So today is the anniversary of my being single after my last serious relationship. A lot have reacted to me remembering the day I got dumped. How can I not forget that day? It was the first time in my life I have ever felt tremendous pain caused by a guy. It kinda left a big scar in my heart. But believe me when I say this that I have forgiven him already. I am even happy for him. He is with someone new now and they are pretty serious. And I know that he loves her more than he has ever loved me. I'll admit that the first time I found out about her, a month ago, I did feel a bit jealous especially when I saw their pictures together. It made me regret adding him on facebook.
He took her to places where I wish he would have taken me back when we were still together. She is everything that he wants for a girl. She is everything that he wants me to become. I figured that she is the "one" he's been looking for and I'm happy for him that he found her.

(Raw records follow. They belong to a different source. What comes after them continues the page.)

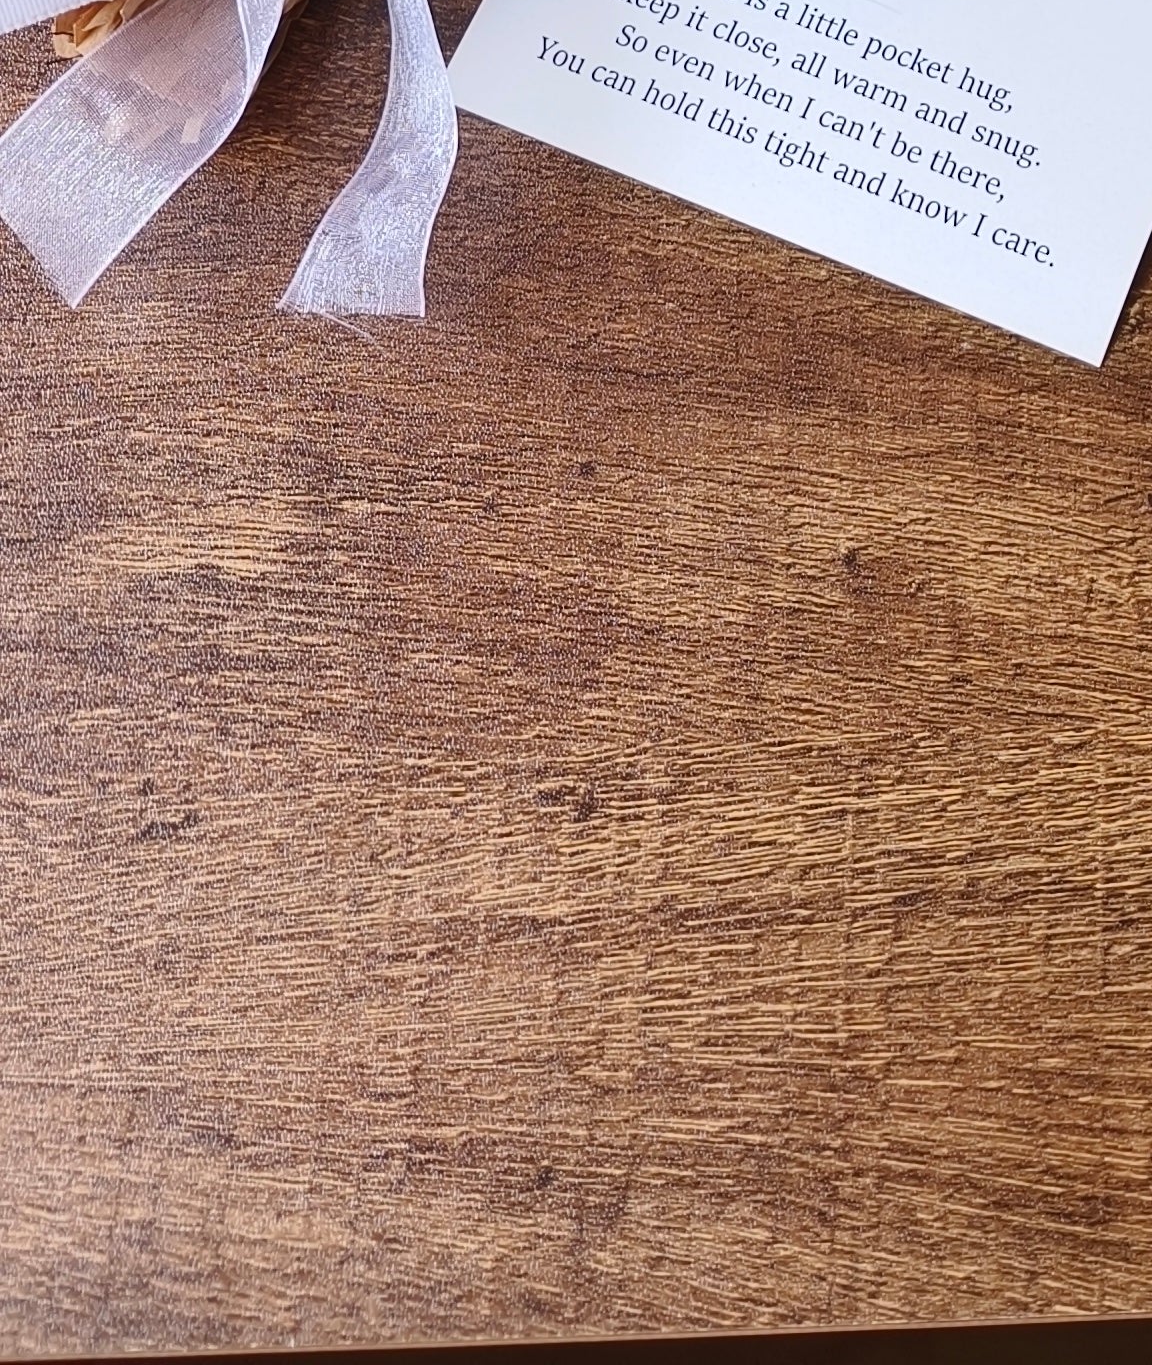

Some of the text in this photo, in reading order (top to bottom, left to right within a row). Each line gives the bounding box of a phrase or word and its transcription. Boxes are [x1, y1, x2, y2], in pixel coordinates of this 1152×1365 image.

[616, 25, 1004, 203] So even when I can't be there,
[685, 6, 708, 31] it
[713, 20, 780, 67] close,
[791, 52, 827, 78] all
[834, 68, 907, 112] warm
[915, 103, 968, 134] and
[971, 126, 1040, 168] snug.
[774, 2, 789, 20] a
[796, 4, 858, 46] little
[861, 37, 954, 84] pocket
[957, 67, 1012, 113] hug,
[537, 36, 1053, 267] You can hold this tight and know I care.
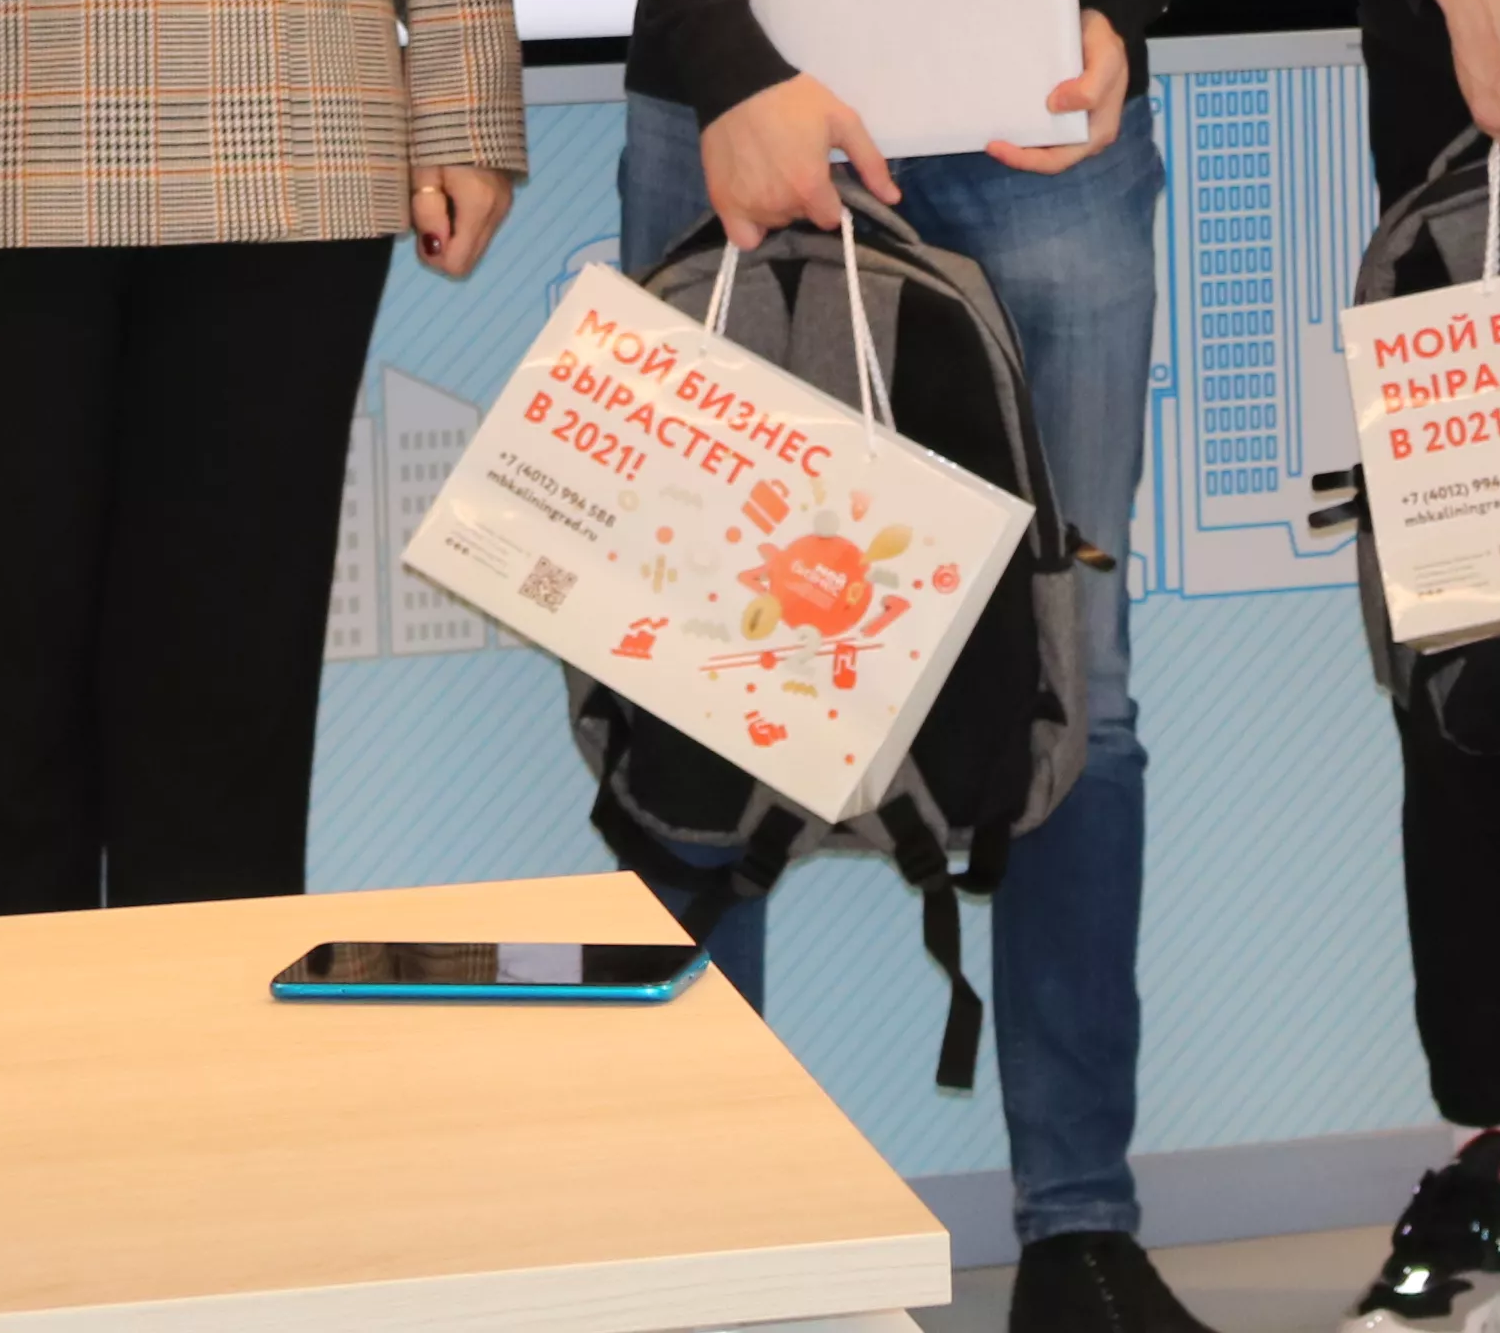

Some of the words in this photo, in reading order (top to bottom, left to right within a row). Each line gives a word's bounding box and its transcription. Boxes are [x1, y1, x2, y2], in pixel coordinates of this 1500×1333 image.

[1374, 313, 1477, 369] МОЙ
[524, 391, 552, 424] В
[551, 407, 647, 482] 2021!
[548, 351, 756, 485] ВЫРАСТЕТ
[575, 308, 679, 385] МОЙ
[675, 368, 833, 479] БИЗНЕС
[1389, 427, 1414, 461] В

So how am I? How am I coping up with the life of being single. I guess the first few months had been difficult for me and I'm sure it was normal considering that I was very much in love back then. But after the mourning period and accepting that it was just not meant to be, everything has been quite okay ever since. I have tried dating again but it's not easy finding someone these days. Everyone tells me that I'm too picky. I would say that I'm just careful this time. I'm not looking for the tall, dark, handsome guy alright I just have certain qualities that i won't give up just because everyone thinks I am not getting any younger (the clock is ticking they would taunt me). I won't settle for someone just because I feel alone sometimes. I'll wait for the right person.

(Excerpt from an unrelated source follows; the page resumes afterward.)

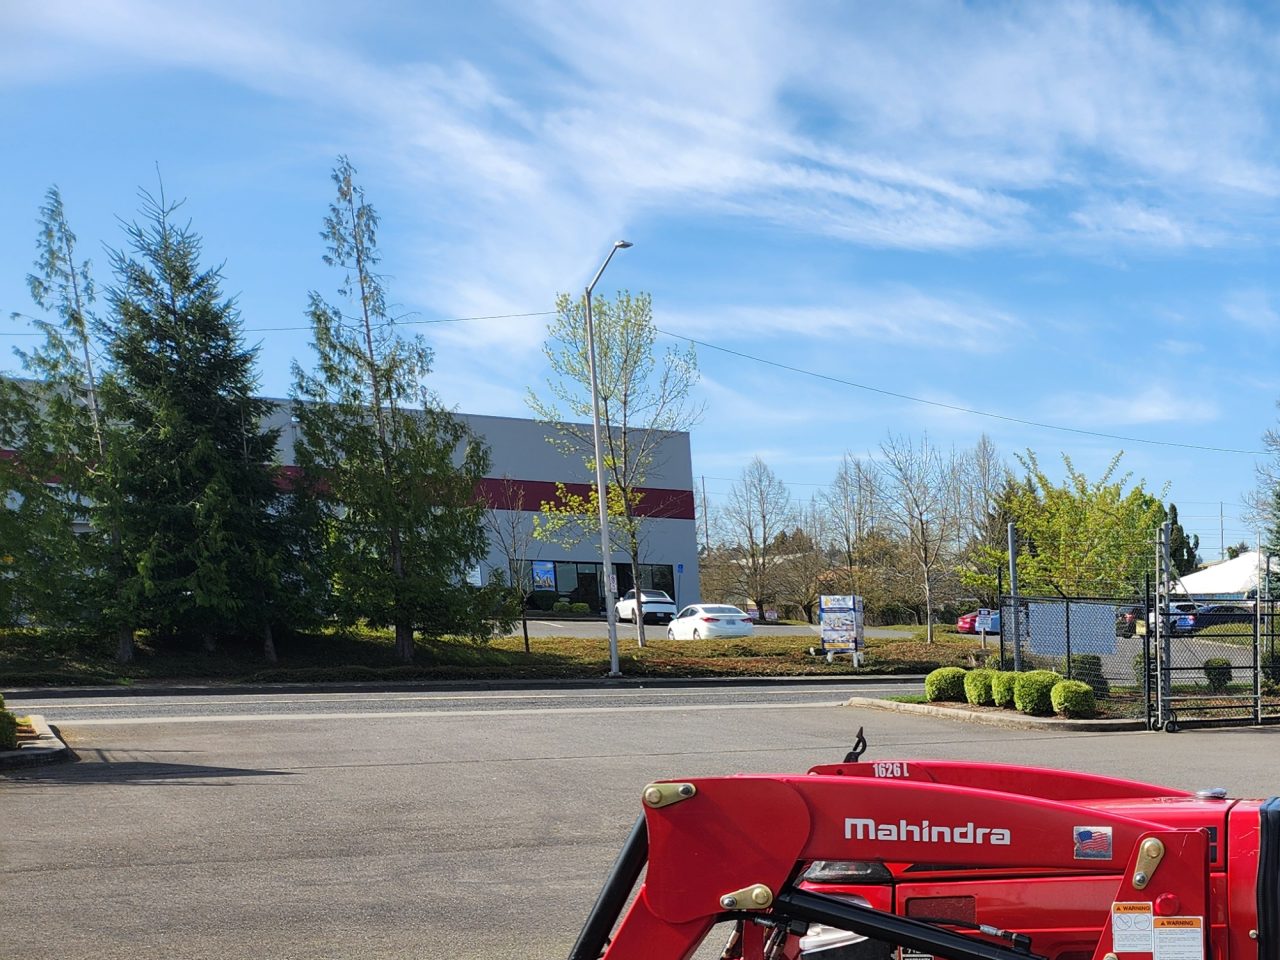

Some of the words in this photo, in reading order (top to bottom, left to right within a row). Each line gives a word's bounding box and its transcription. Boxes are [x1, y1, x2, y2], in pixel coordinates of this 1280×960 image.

[872, 763, 901, 777] 1626
[903, 762, 909, 776] L
[845, 818, 1011, 845] Mahindra

I have kept myself busy lately. Been involve with a lot of community service program and been climbing a lot. Recently I have joined Singles for Christ. I was a bit hesitant because I've been hearing a lot of unpleasant stuff about this community. I honestly told myself that I will just be joining the first talk of their Christian Life Program but I ended up loving it and up until now I have no regret joining at all. I've learned so many things about myself, about God, and about learning to love myself more. I can feel that I did change after the 5th talk. There had been questions about myself that only in this community I found the answers. I find myself more grateful and contented to the things that I have now. This building an intimate relationship with God really changed me to a much better person and I wish to continue this. Sure there are times that I have faltered but it's been great that my faith, my renewed faith to God has helped me deal with my problems much easier now. No longer do I run away. I am truly happy with what's been going on so far. I may feel lonely sometimes like when I eat by myself in a restaurant, or go jogging by myself, or go watch movies by myself, or go to the bookstore by myself but no longer does it worry me. Isn't that great? =D I have hope, peace, and love in my heart and I realize that's all I need.